'''

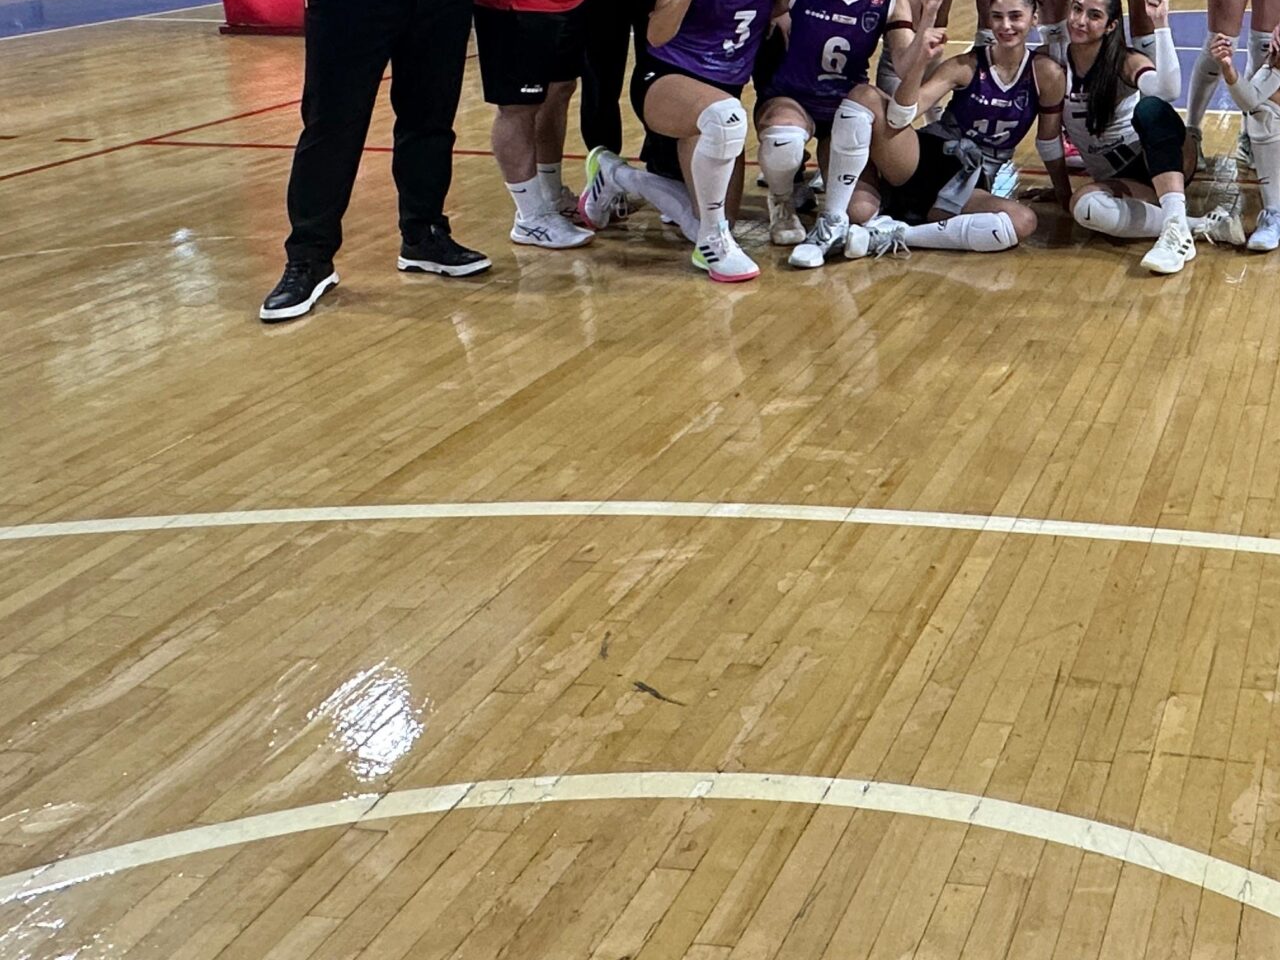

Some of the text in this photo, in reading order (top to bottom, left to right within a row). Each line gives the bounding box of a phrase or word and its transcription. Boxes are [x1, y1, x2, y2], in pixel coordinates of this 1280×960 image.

[723, 9, 757, 50] 3
[818, 36, 851, 81] 6
[966, 119, 1020, 146] 15
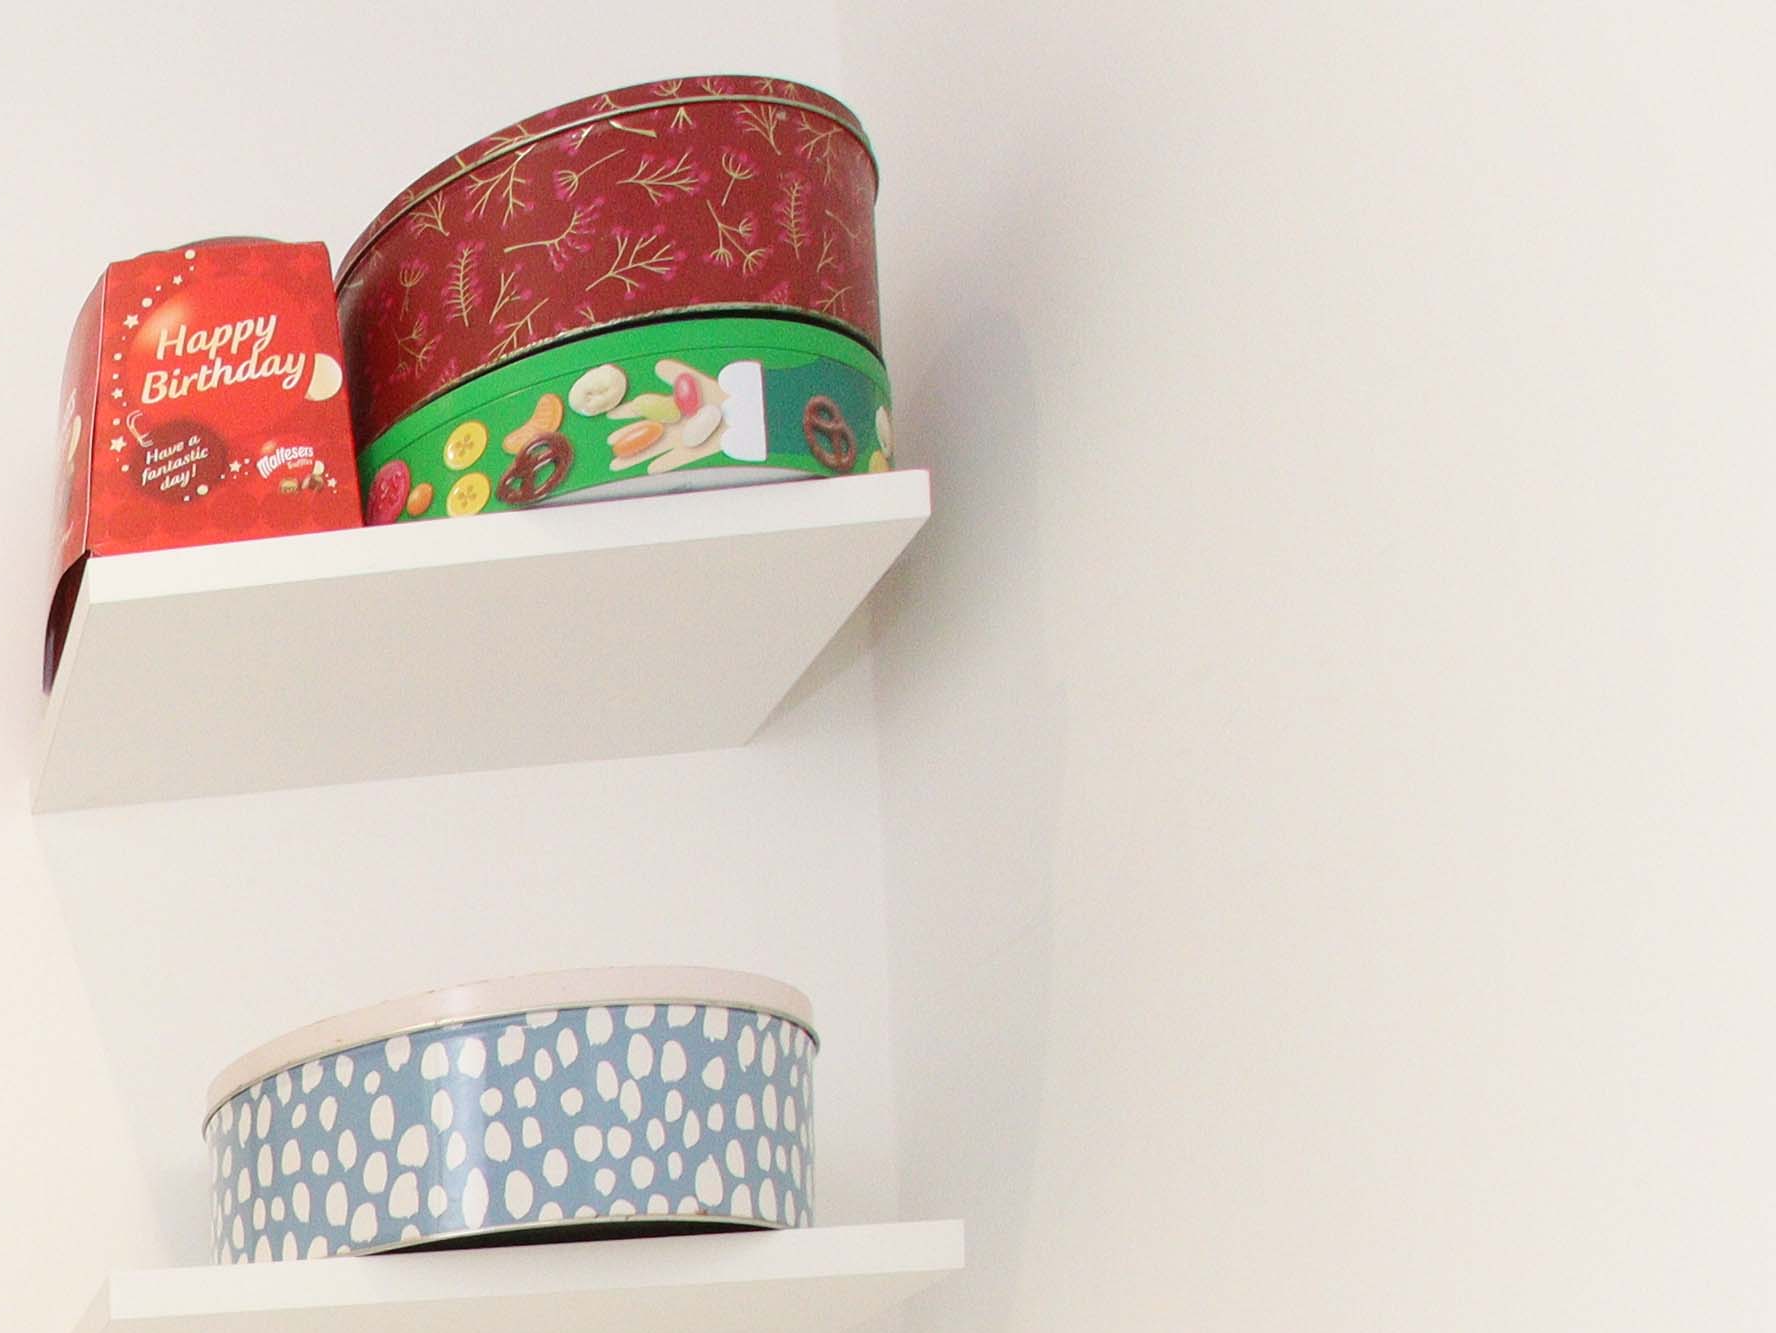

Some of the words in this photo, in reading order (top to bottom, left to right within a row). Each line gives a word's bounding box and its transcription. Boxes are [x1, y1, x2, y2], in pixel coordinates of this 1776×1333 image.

[156, 314, 277, 361] Happy
[141, 341, 306, 404] Birthday
[141, 447, 209, 487] fantastic
[146, 440, 184, 465] Have
[188, 435, 200, 445] a
[256, 446, 314, 480] Maltesers
[160, 463, 197, 492] day!
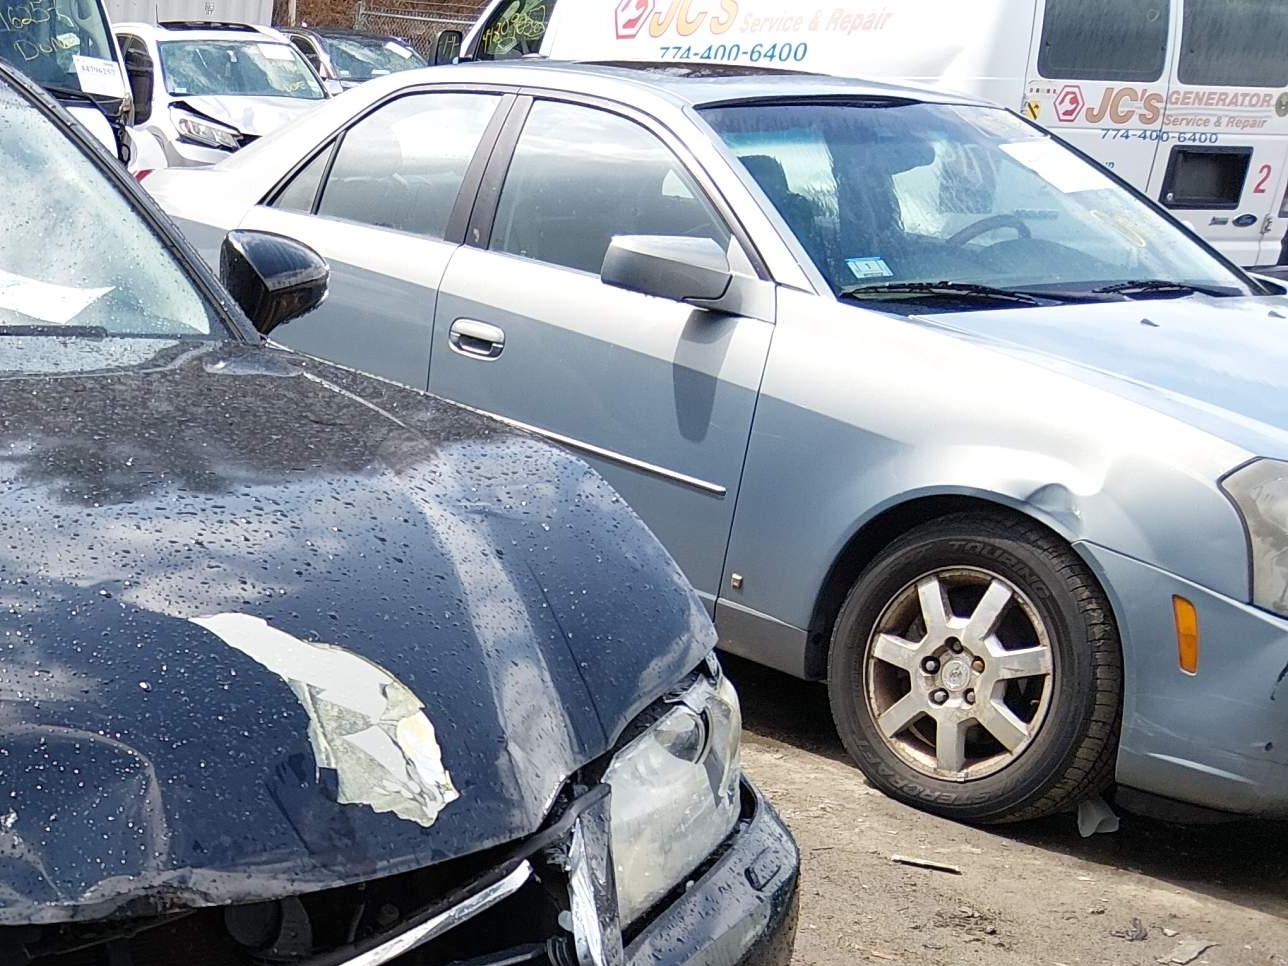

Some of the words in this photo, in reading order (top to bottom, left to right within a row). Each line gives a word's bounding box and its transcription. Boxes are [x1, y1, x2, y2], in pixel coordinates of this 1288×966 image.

[739, 12, 803, 33] Service
[808, 13, 822, 32] &
[825, 9, 892, 36] Repair
[660, 42, 808, 62] 774-400-6400
[1168, 91, 1274, 108] GENERATOR
[1164, 115, 1211, 127] Service
[1213, 116, 1223, 128] &
[1225, 116, 1268, 130] Repair
[1101, 129, 1219, 144] 774-400-6400
[1253, 164, 1272, 194] 2
[948, 540, 1050, 599] TOURING
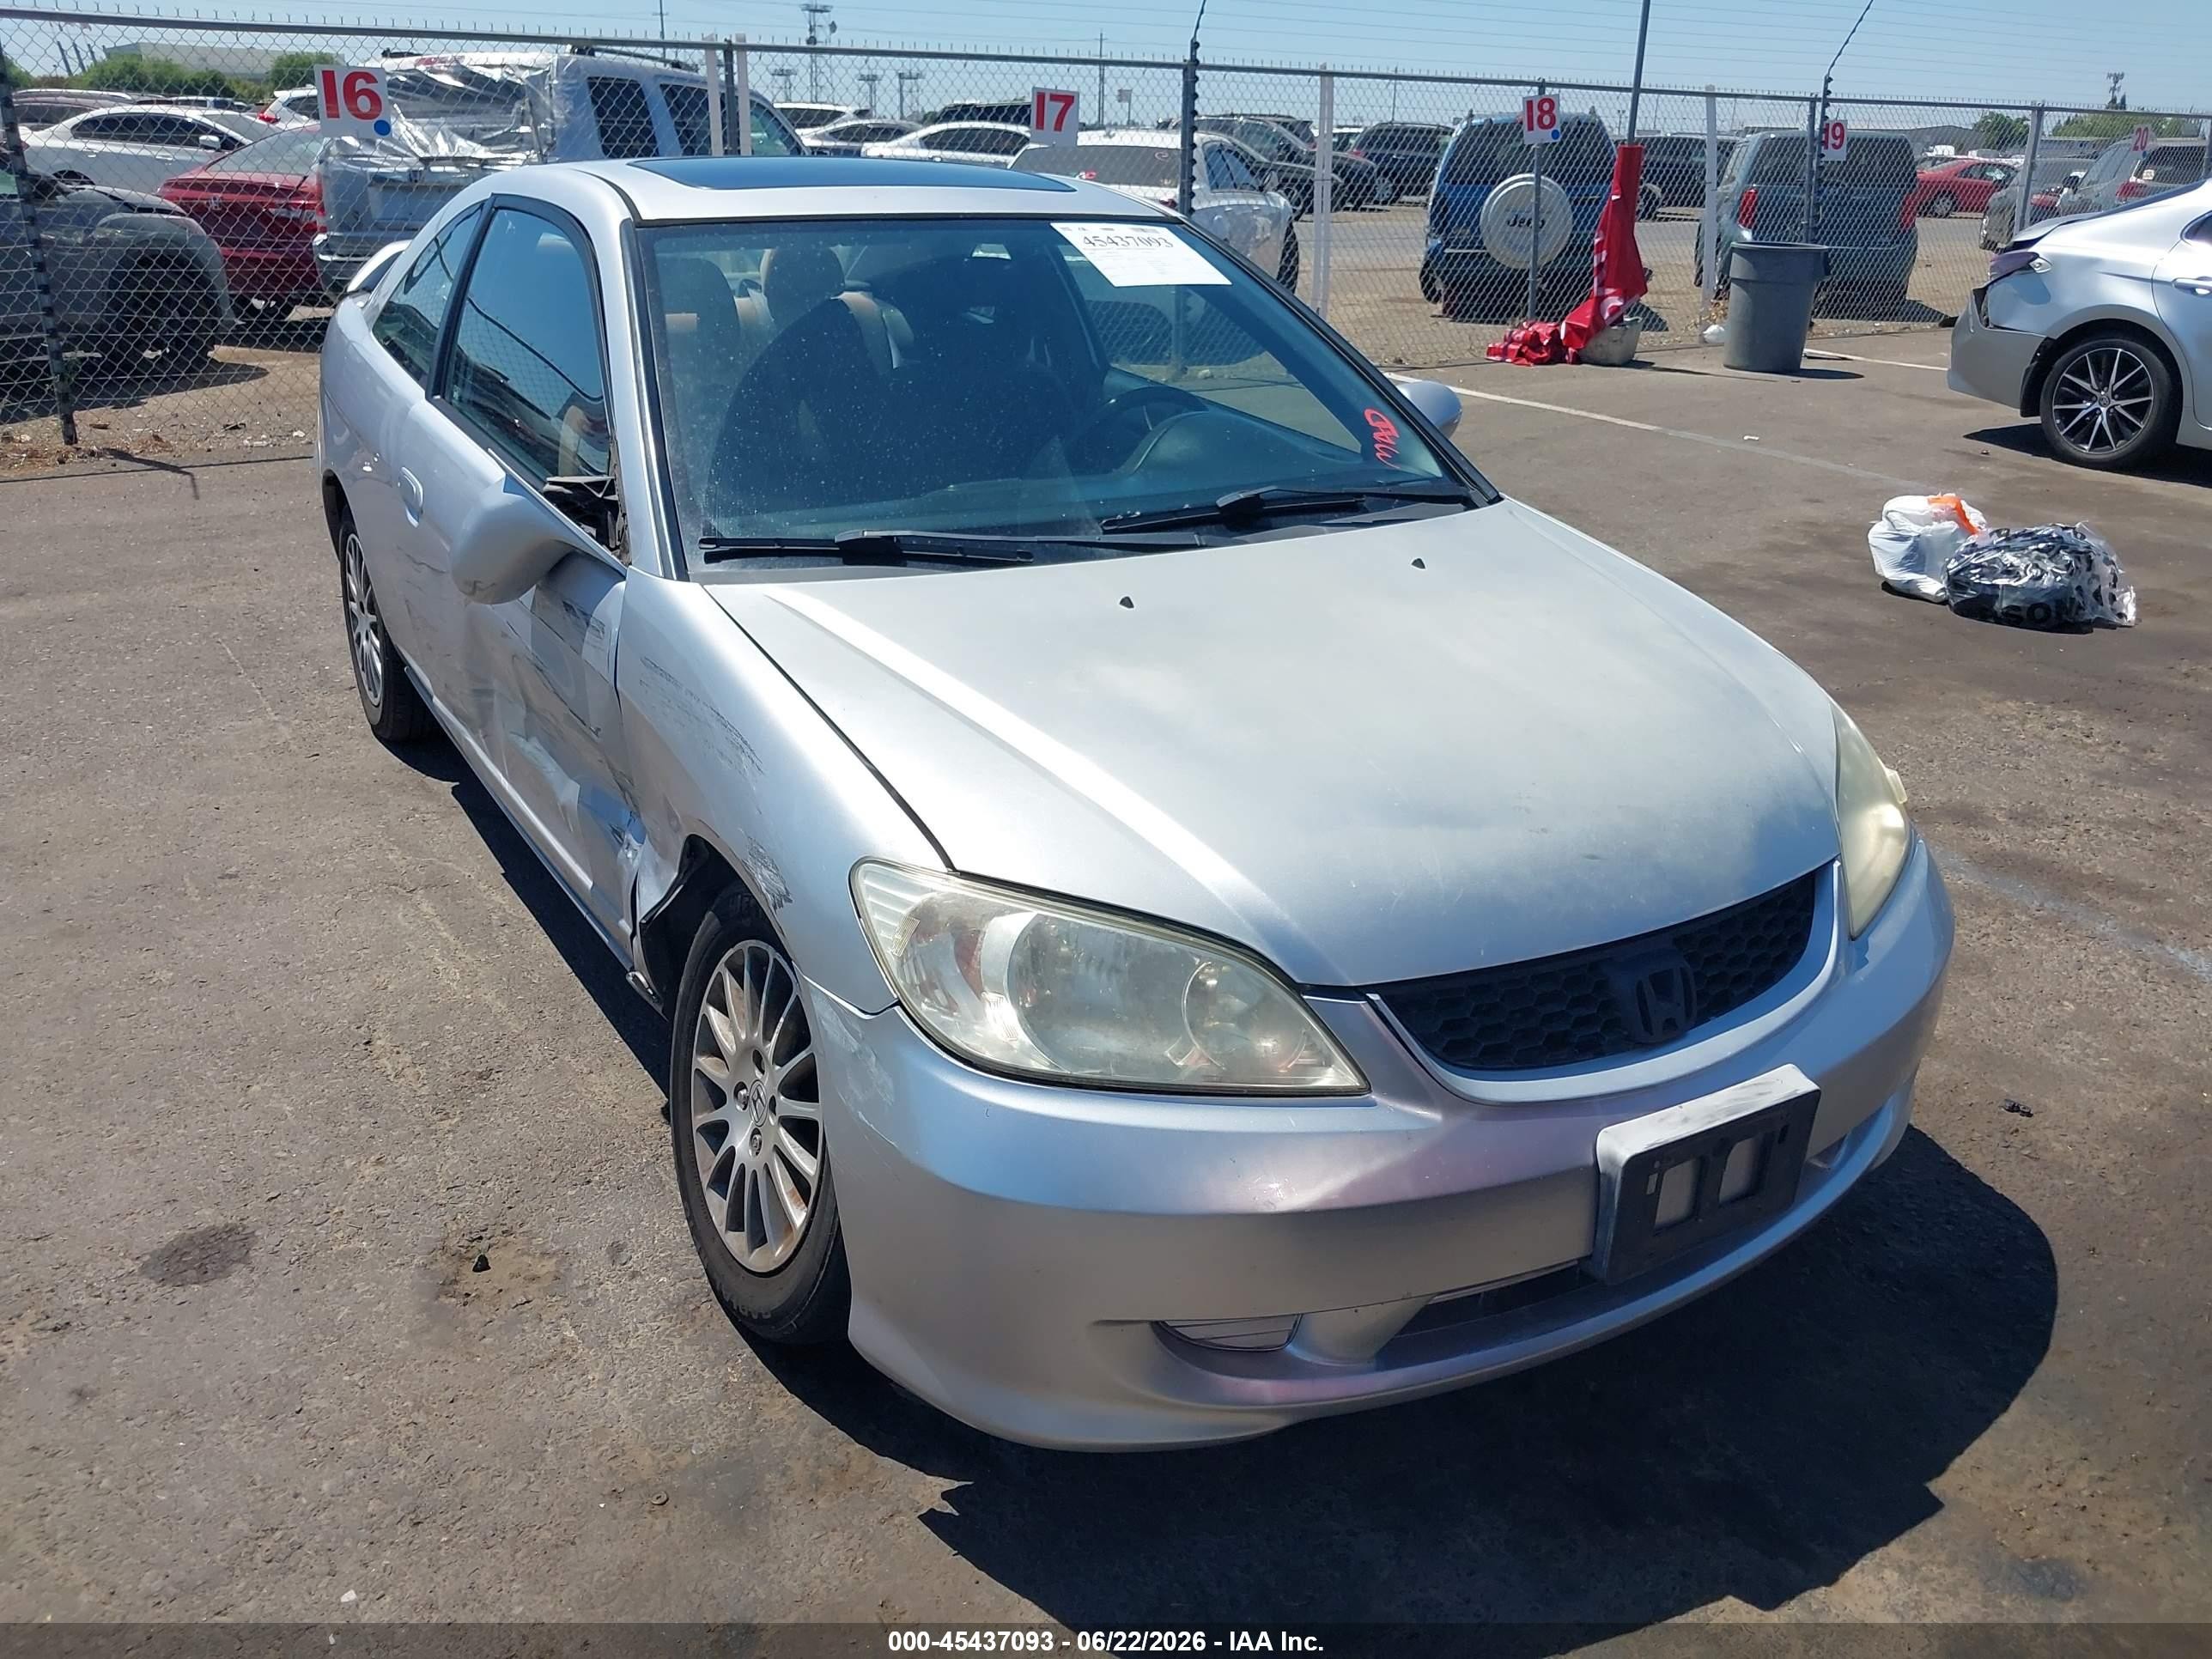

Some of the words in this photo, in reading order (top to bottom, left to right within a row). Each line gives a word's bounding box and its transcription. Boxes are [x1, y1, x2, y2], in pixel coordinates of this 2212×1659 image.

[322, 70, 382, 119] 16
[1036, 91, 1074, 131] 17
[1526, 98, 1556, 131] 18
[1823, 122, 1844, 150] 19
[2132, 126, 2148, 151] 20
[1084, 235, 1174, 247] 45437093

'''

▸ Your task
Transcribe every line of the records exactly. Pictures do not belong in the copy.

▸ Exercise output
Some of the text in this photo, in reading order (top to bottom, left to right within a row). Each line gives the bounding box of a phrase or word and its transcription. Boxes are [x1, y1, x2, y2], in pixel coordinates of this 1280×960 image.

[723, 9, 757, 50] 3
[818, 36, 851, 81] 6
[966, 119, 1020, 146] 15

Some of the words in this photo, in reading order (top to bottom, left to right within a row). Each line gives a word's bounding box and its transcription. Boxes are [x1, y1, x2, y2], in pixel coordinates of this 1776×1333 image.

[156, 314, 277, 361] Happy
[141, 341, 306, 404] Birthday
[141, 447, 209, 487] fantastic
[146, 440, 184, 465] Have
[188, 435, 200, 445] a
[256, 446, 314, 480] Maltesers
[160, 463, 197, 492] day!

Some of the words in this photo, in reading order (top to bottom, left to right within a row). Each line gives a word's bounding box and its transcription. Boxes are [x1, y1, x2, y2], in pixel coordinates of this 1288×966 image.

[739, 12, 803, 33] Service
[808, 13, 822, 32] &
[825, 9, 892, 36] Repair
[660, 42, 808, 62] 774-400-6400
[1168, 91, 1274, 108] GENERATOR
[1164, 115, 1211, 127] Service
[1213, 116, 1223, 128] &
[1225, 116, 1268, 130] Repair
[1101, 129, 1219, 144] 774-400-6400
[1253, 164, 1272, 194] 2
[948, 540, 1050, 599] TOURING

Some of the words in this photo, in reading order (top to bottom, left to right within a row). Each line gives a word's bounding box and its transcription. Boxes are [x1, y1, x2, y2], in pixel coordinates of this 2212×1659 image.

[322, 70, 382, 119] 16
[1036, 91, 1074, 131] 17
[1526, 98, 1556, 131] 18
[1823, 122, 1844, 150] 19
[2132, 126, 2148, 151] 20
[1084, 235, 1174, 247] 45437093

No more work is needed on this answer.